From Table 4 it is evident that for HSV color space our model performed very good but for YCbCr color space it performed decent. The reason for this decrease in performance may be the non-linear encoded light intensity in YCbCr color space which is absent in RGB and HSV color spaces. However, we also noticed that HSV color space suffers from varied degree of light intensity component so, it needs all the data with light intensity otherwise it will change the color appearance. Our dataset contains samples which may be having different light intensities because data was captured in different laboratories under different lighting conditions. We can overcome this issue by scaling the light intensity level of all images to same level but it is very computational expensive task and may interfere with natural color of the image. Which is not a very good thing as color is considered a very important feature in diagnosis of cancer in histopathology images.
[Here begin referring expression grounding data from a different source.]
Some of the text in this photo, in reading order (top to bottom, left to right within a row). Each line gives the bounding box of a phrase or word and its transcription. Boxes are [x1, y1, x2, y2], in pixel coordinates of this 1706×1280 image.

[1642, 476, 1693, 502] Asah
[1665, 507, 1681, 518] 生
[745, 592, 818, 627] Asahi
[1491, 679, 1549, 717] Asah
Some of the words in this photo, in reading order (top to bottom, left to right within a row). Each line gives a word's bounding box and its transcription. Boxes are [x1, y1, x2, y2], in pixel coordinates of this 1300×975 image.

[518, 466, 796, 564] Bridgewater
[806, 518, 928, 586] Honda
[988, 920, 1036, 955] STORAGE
Findings of above experiments made us curious about what is the impact of individual color in classification problem. So, we investigated the impact of each individual color channel on the classification accuracy. We used only one channel to extract features and suppressing the information from other two channels. This method was repeated for all three individual channels. The results of this experiment are recoded in Table 5.
The results showed that red and blue channels have more information encoded in them than the green channel. However, no single channel can be used for feature extraction alone as no channel has complete information regarding the full image. Combination of all channels gives better results as already stated in Table 2.
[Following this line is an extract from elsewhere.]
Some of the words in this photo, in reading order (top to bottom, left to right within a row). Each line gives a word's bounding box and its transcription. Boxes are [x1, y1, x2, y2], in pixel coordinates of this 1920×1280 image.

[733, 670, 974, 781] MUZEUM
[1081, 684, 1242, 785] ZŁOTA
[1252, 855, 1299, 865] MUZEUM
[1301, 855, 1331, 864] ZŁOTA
III. DISCUSSION AND CONCLUSION
In this research work we have proposed a deep learning-based model for efficient detection of cancerous tissue from histopathology images. Primarily this work is focused on the classification of cancerous tissue images from oral cavity but experiments on other histopathology datasets like BreakHis and ICML which are histopathology datasets related to breast suggest that our proposed method can be used efficiently on other histopathology images also. Obviously when we consider using this model on other histopathology datasets, we have to make some fundamental changes in our model like changing input size, and other hyperparameters accordingly. Our model used red, green and blue channels individually to extract features from image rather than using one single combined RGB channel. Due to separate channel feature extraction the network was able to extract better feature and hence it was able to perform better in classification of images. Feature fusion also played a very important role in enhancing the classification performance as can be seen from the results in Table 2. This work produced very good results but however there are limitations in this work also. Feature fusion done in this work is based on uniformity of channels and filters used in different layers of network. If we wish to concatenate features from different size images or different sized filters the performance of worsened and it may not classify images with good accuracy. We investigated our proposed approach on HSV and YCbCr color space and found that it performed well on these color spaces but not as good as on RGB color space because of the on uniformity of color intensities. Also, we came across an interesting aspect whether individual channels can be used for full image classification. We investigated the significance of individual color channels and found that no individual channel can be used for classification however in future we are interested to investigate the combination of different channels and their impact on classification. Also, we are working on our future work to device a method that can fuse features which are not uniform by nonuniform we mean features from different layers with different kernel size, different filter size and different size of output vectors.